Fetisch Vielfalt

Differenzierte Sonderwege statt stereotyper „Meinungsvielfalt“?

ZITAT

Medialer Mainstream baut auf dem System der Massenmedien auf. Allgemein kann er den gedruckten Publikationen, Zeitungen und Magazinen attribuiert werden, welche die höchsten Leserzahlen aufweisen. Für Radio- und TV-Programme kommt demgegenüber die höchste Einschaltquote in Betracht. Medialer Mainstream steht dementsprechend im Gegensatz zu unabhängigen, teilweise auch als Indie-Medien bezeichneten Veröffentlichungen. Vor allem das Internet und im Besonderen die Blogosphere treten dem medialen Mainstream mittlerweile entgegen.

Quelle Wikipedia-Artikel Mainstream

Um es genauer zu sagen: Die irreführende Demonstration von Meinungsvielfalt besteht darin, dass man einer radikalen These ausgleichend eine andere gegenüberstellt, die genau dem Mainstream entspricht, wobei diese Herkunft sorgfältig verschleiert wird. Um doch die geheime Tendenz jedes Menschen zu bedienen, der im allgemeinen erfreut reagiert, wenn er auf Resonanzen stößt.

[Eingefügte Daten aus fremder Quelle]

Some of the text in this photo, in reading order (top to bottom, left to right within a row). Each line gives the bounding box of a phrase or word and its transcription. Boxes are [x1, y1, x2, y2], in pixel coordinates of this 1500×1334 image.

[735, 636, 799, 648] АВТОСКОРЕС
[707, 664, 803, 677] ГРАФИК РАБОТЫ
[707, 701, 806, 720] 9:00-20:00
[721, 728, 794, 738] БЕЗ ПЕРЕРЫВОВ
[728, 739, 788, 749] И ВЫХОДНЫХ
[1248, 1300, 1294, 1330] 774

Nehmen wir die sich zwingend verbreitende positive Haltung gegenüber verschiedensten Glaubensrichtungen, inklusive einem inflationären Gebrauch des Wortes Toleranz. Gewiss: da kann man nichts falsch machen. Problematisch wird es  aber, sobald ich sage: Man muss gar nichts glauben. Das Wort Glauben hat ja seit Jahrtausenden eine positive Propaganda erlebt, man hat es nur nicht so genannt. Werbung. Reklame. Schönfärberei. Ich kann einem ehrenwerten Mitmenschen, der mir mit leuchtenden Augen seine Gläubigkeit demonstriert, nicht einmal im sanftesten Ton zum Einhalt bewegen: Mein Lieber, ich glaube das alles nicht, warum sollte ich? Lass uns lieber das Thema wechseln.

Sage ich „Religionssehnsucht ist einfach Mainstream“ – schon bin ich Ketzer. Oder Schwätzer. Zu meiner Freiheit aber sollte es gehören, Fragen offen zu lassen, ohne dass dies als Schwäche gebrandmarkt wird. Ich will gar nicht stark sein. Darum bin ich noch lange nicht schwach.

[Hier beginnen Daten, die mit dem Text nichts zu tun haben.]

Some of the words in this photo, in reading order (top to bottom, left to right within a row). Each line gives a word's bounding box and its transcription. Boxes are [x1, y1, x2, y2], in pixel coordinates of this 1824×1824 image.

Bevor ich nun die Medien schelte, sollte ich erwähnen, wie oft ich bei der Zeitungslektüre sage: dieser eine Artikel – oder nur dieser winzige Hinweis – hat für mich den Kauf der Zeitung gelohnt. Heute zum Beispiel ist es eine ganze Seite der Süddeutschen, die doch von manchen Freunden Mainstream-Sprachrohr genannt wird.

Alarmiert wurde ich allerdings erst, als mein Blick in einem Ukraine-Beitrag als erstes auf die Buchstaben ARD fielen, dann auf den nächsten Absatz, der so begann:

Wer sich ein vollständiges Bild machen will, ist gut beraten, sich nicht nur auf die Mainstream-Medien zu verlassen, sondern auch andere Informationsquellen heranzuziehen (…)

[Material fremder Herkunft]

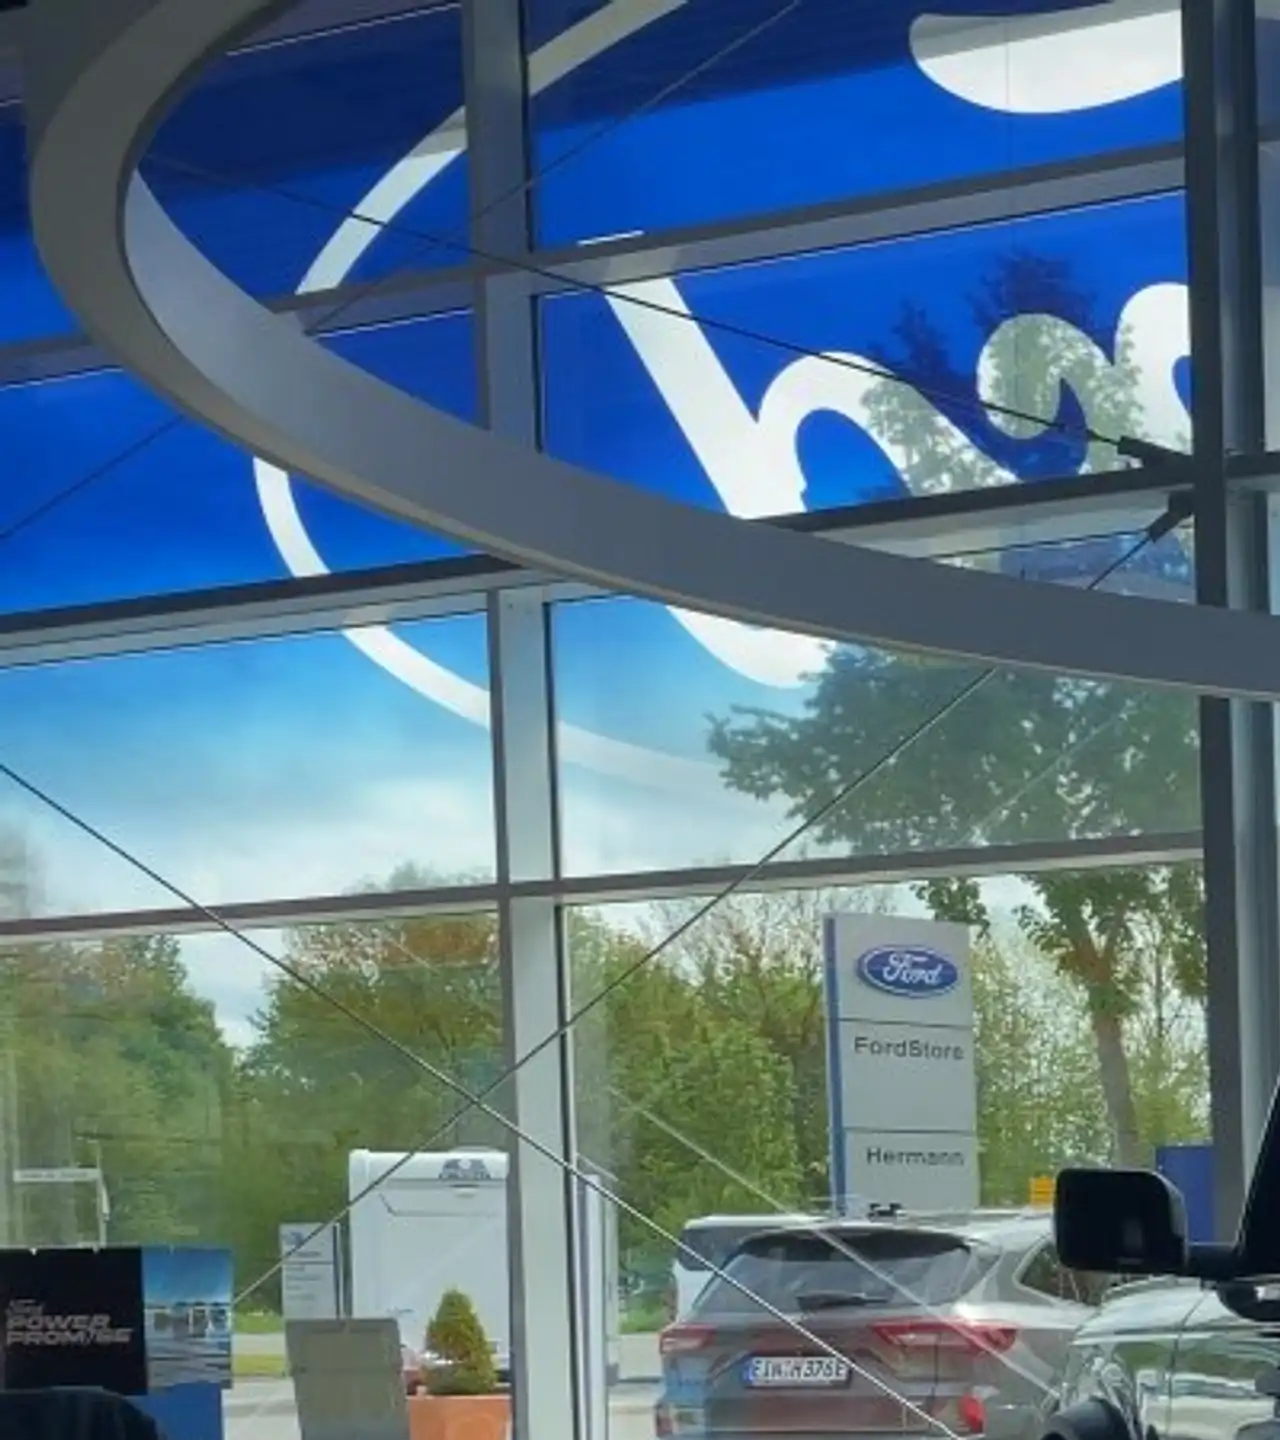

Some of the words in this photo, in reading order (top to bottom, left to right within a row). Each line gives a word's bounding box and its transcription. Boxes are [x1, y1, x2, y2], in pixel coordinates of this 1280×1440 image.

[882, 952, 943, 985] Ford
[854, 1036, 965, 1061] FordStore
[866, 1147, 966, 1167] Hermann
[6, 1312, 112, 1330] POWER
[6, 1328, 133, 1346] PROMISE

Nun aber wieder eilends ein paar Zeilen zurückspringend:

Die Rüge, die der Fernsehrat der ARD der Ukraine-Berichterstattung der wichtigsten öffentlich-rechtlichen Anstalt erteilte, sollte eigentlich alarmieren. So etwas kommt nicht alle Tage vor und im Focus der Kritik stand nicht der eine oder andere Bericht, sondern das Tendenziöse der Berichterstattung als ganzer.

Wo finde ich das? Zum Beispiel Hier und hier.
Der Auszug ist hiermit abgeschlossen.